What this task involves: All entries below must be written out verbatim, and the images must be dropped.

Data for review:
—————

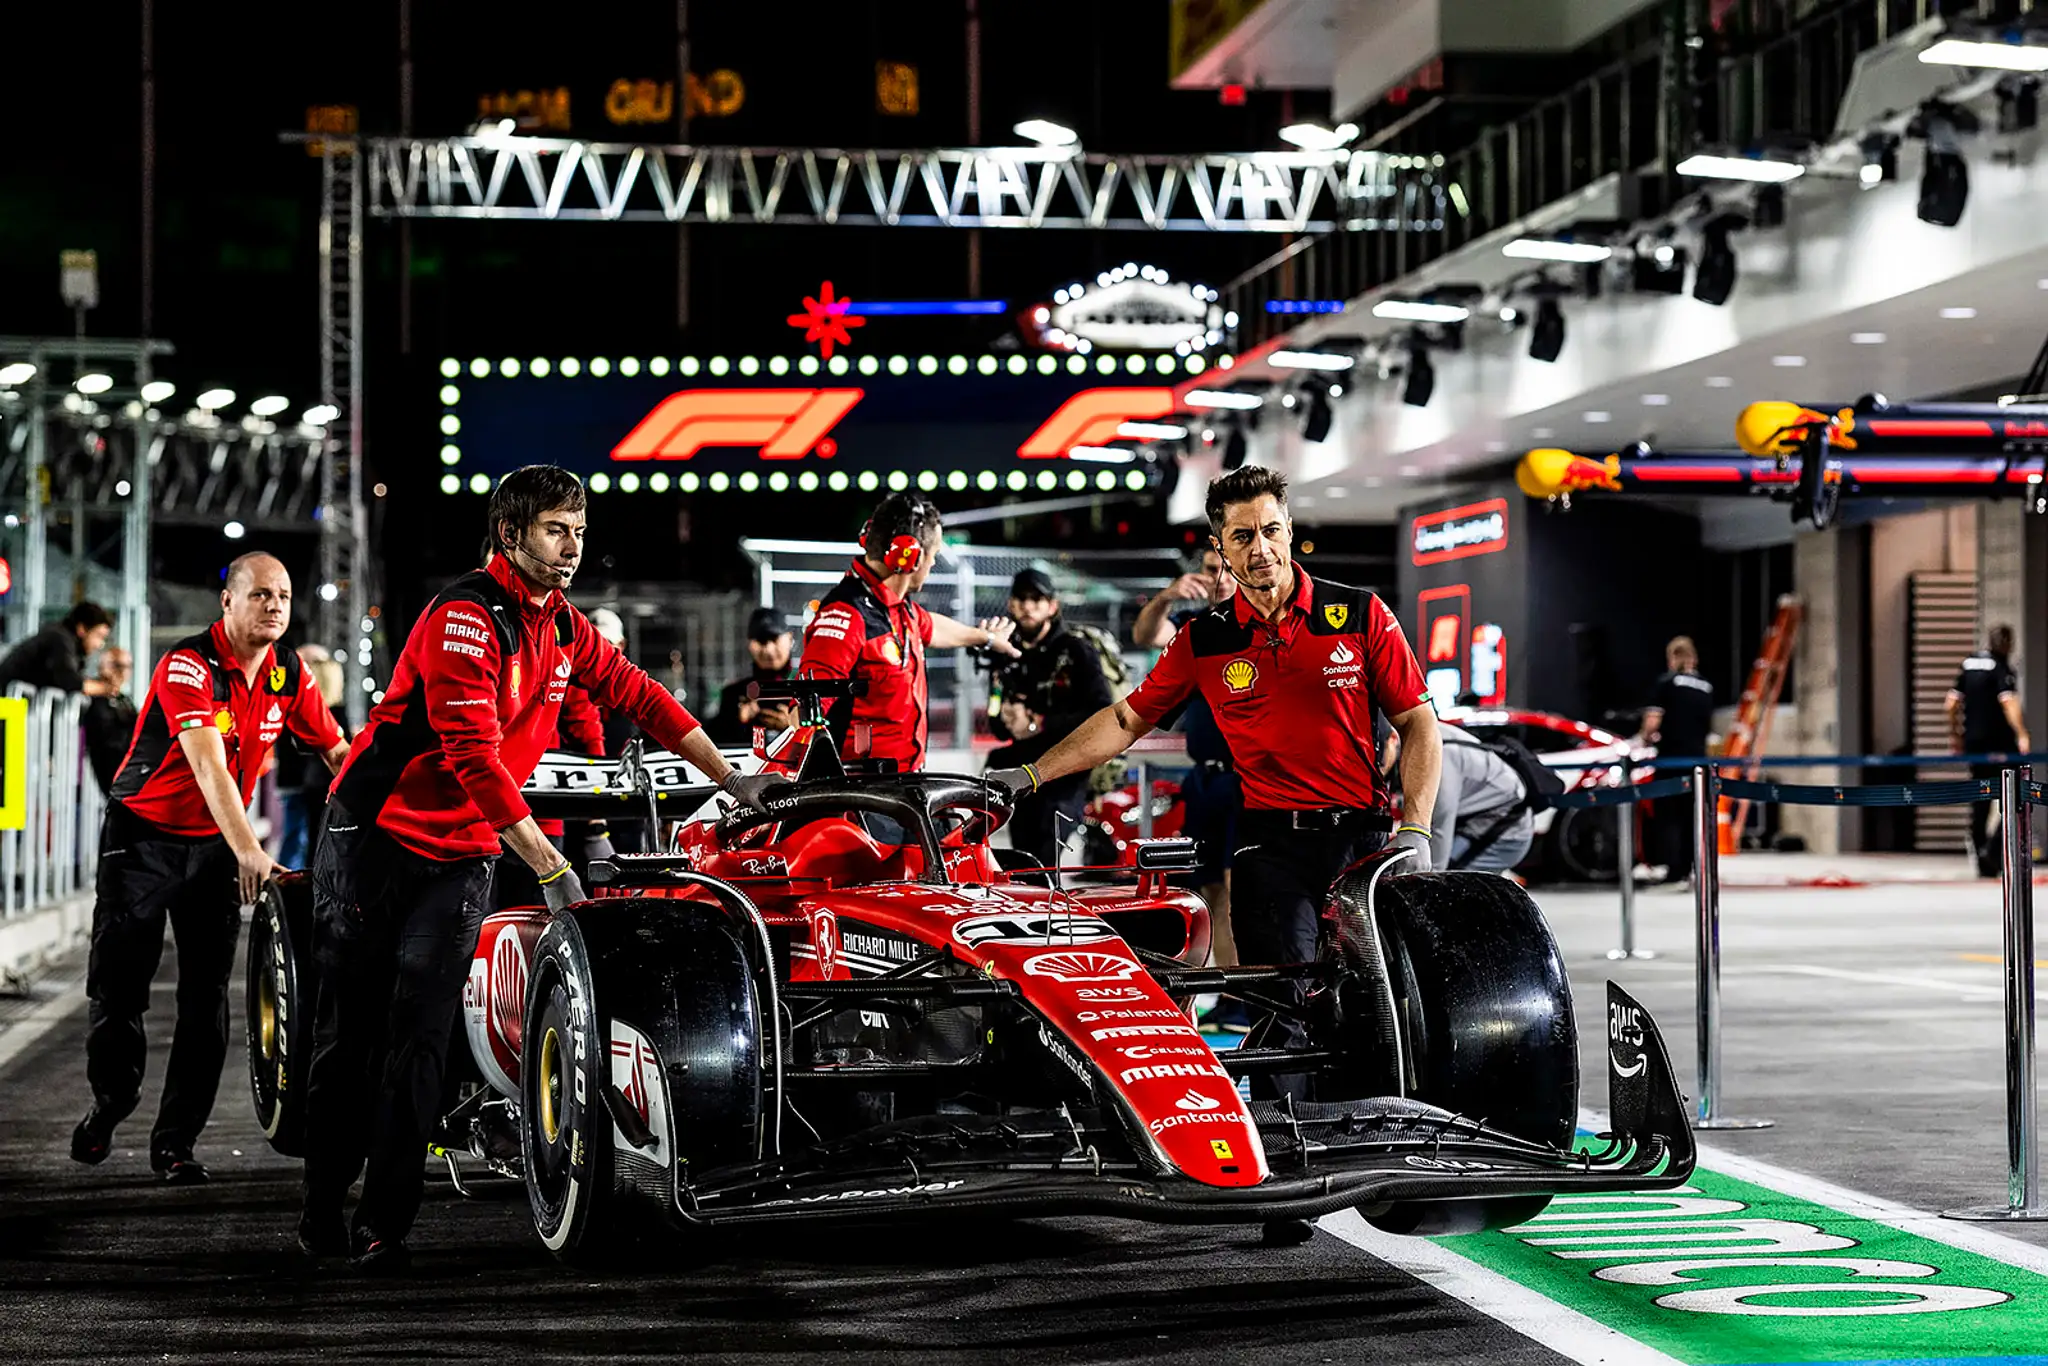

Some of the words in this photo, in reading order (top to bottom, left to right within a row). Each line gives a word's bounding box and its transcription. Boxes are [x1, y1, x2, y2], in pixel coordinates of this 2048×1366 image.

[445, 623, 490, 643] MAHLE
[1323, 664, 1362, 675] Santander
[740, 797, 799, 817] TECOLOGY
[742, 855, 787, 874] Ray-Ban
[953, 914, 1119, 949] 16
[843, 932, 886, 957] RICHARD
[888, 939, 919, 962] MILLE
[274, 943, 288, 1056] ZERO
[1076, 987, 1143, 997] aws
[1100, 1008, 1180, 1019] Palantir
[1609, 1002, 1644, 1046] aws
[565, 970, 588, 1107] ZERO
[1090, 1025, 1199, 1042] PIRELLI
[1120, 1064, 1230, 1085] MAHLE
[1150, 1112, 1250, 1136] Santande
[800, 1180, 964, 1203] V-Power
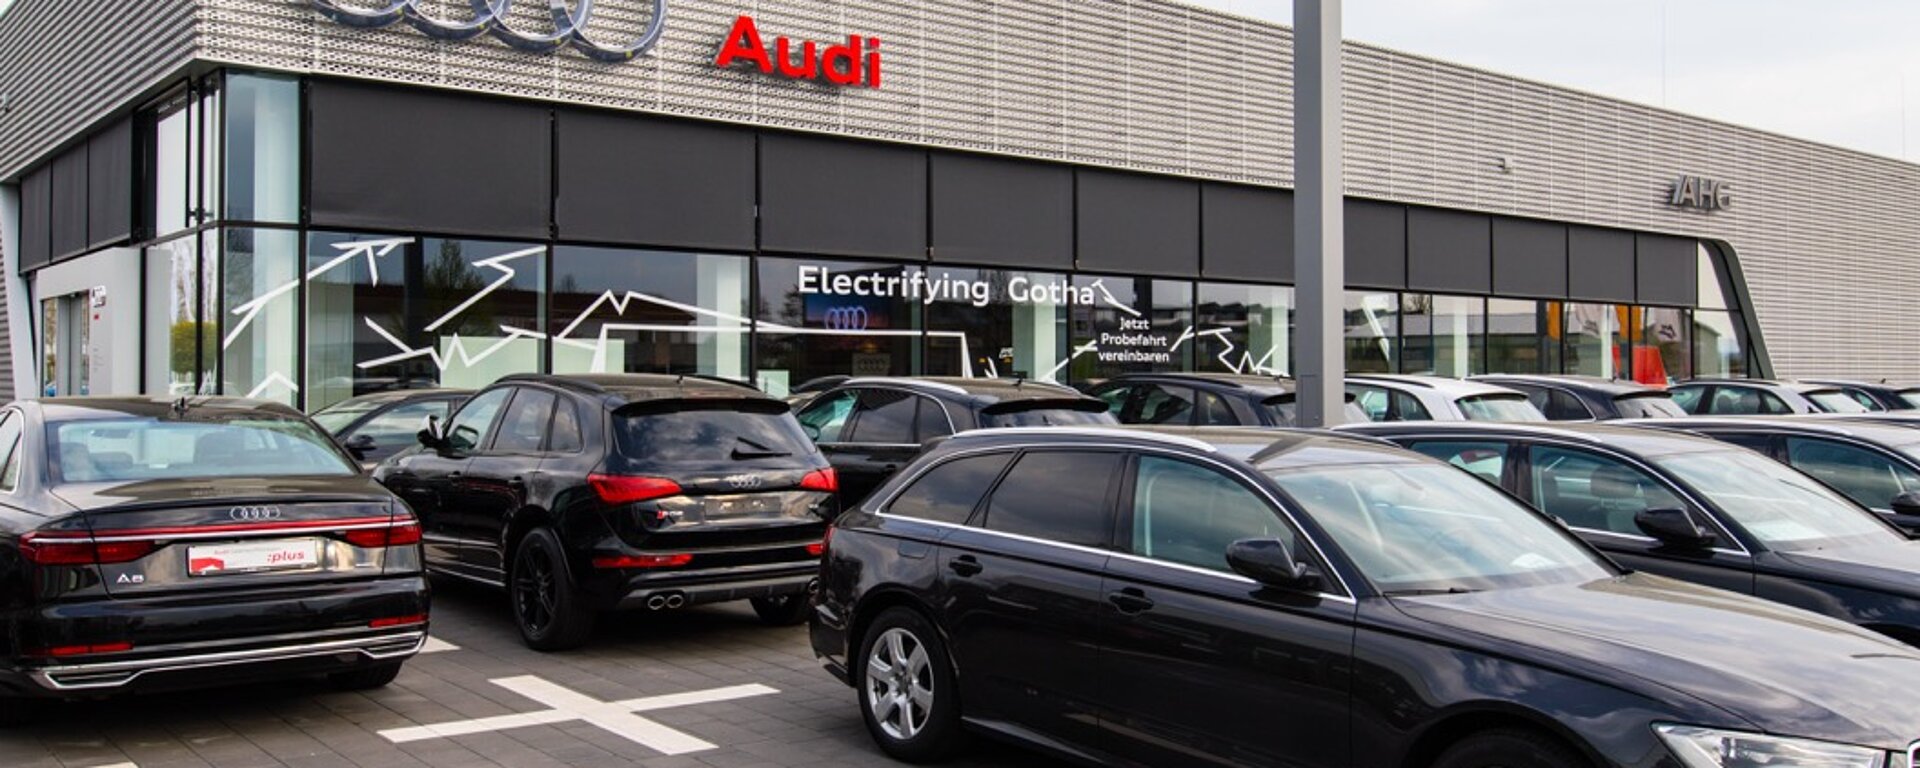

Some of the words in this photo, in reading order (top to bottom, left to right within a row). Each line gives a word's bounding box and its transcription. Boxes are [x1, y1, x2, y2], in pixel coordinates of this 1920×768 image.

[716, 15, 881, 89] Audi
[799, 265, 989, 306] Electrifying
[1008, 276, 1095, 305] Gotha
[1120, 317, 1149, 331] Jetzt
[1101, 332, 1167, 346] Probefahrt
[1098, 349, 1169, 362] vereinbaren

—————

Your response:
Some of the words in this photo, in reading order (top to bottom, left to right within a row). Each line gives a word's bounding box and its transcription. Boxes are [x1, y1, x2, y2], in pixel coordinates of this 2048×1366 image.

[445, 623, 490, 643] MAHLE
[1323, 664, 1362, 675] Santander
[740, 797, 799, 817] TECOLOGY
[742, 855, 787, 874] Ray-Ban
[953, 914, 1119, 949] 16
[843, 932, 886, 957] RICHARD
[888, 939, 919, 962] MILLE
[274, 943, 288, 1056] ZERO
[1076, 987, 1143, 997] aws
[1100, 1008, 1180, 1019] Palantir
[1609, 1002, 1644, 1046] aws
[565, 970, 588, 1107] ZERO
[1090, 1025, 1199, 1042] PIRELLI
[1120, 1064, 1230, 1085] MAHLE
[1150, 1112, 1250, 1136] Santande
[800, 1180, 964, 1203] V-Power

Some of the words in this photo, in reading order (top to bottom, left to right within a row). Each line gives a word's bounding box and its transcription. Boxes are [x1, y1, x2, y2], in pixel coordinates of this 1920×768 image.

[716, 15, 881, 89] Audi
[799, 265, 989, 306] Electrifying
[1008, 276, 1095, 305] Gotha
[1120, 317, 1149, 331] Jetzt
[1101, 332, 1167, 346] Probefahrt
[1098, 349, 1169, 362] vereinbaren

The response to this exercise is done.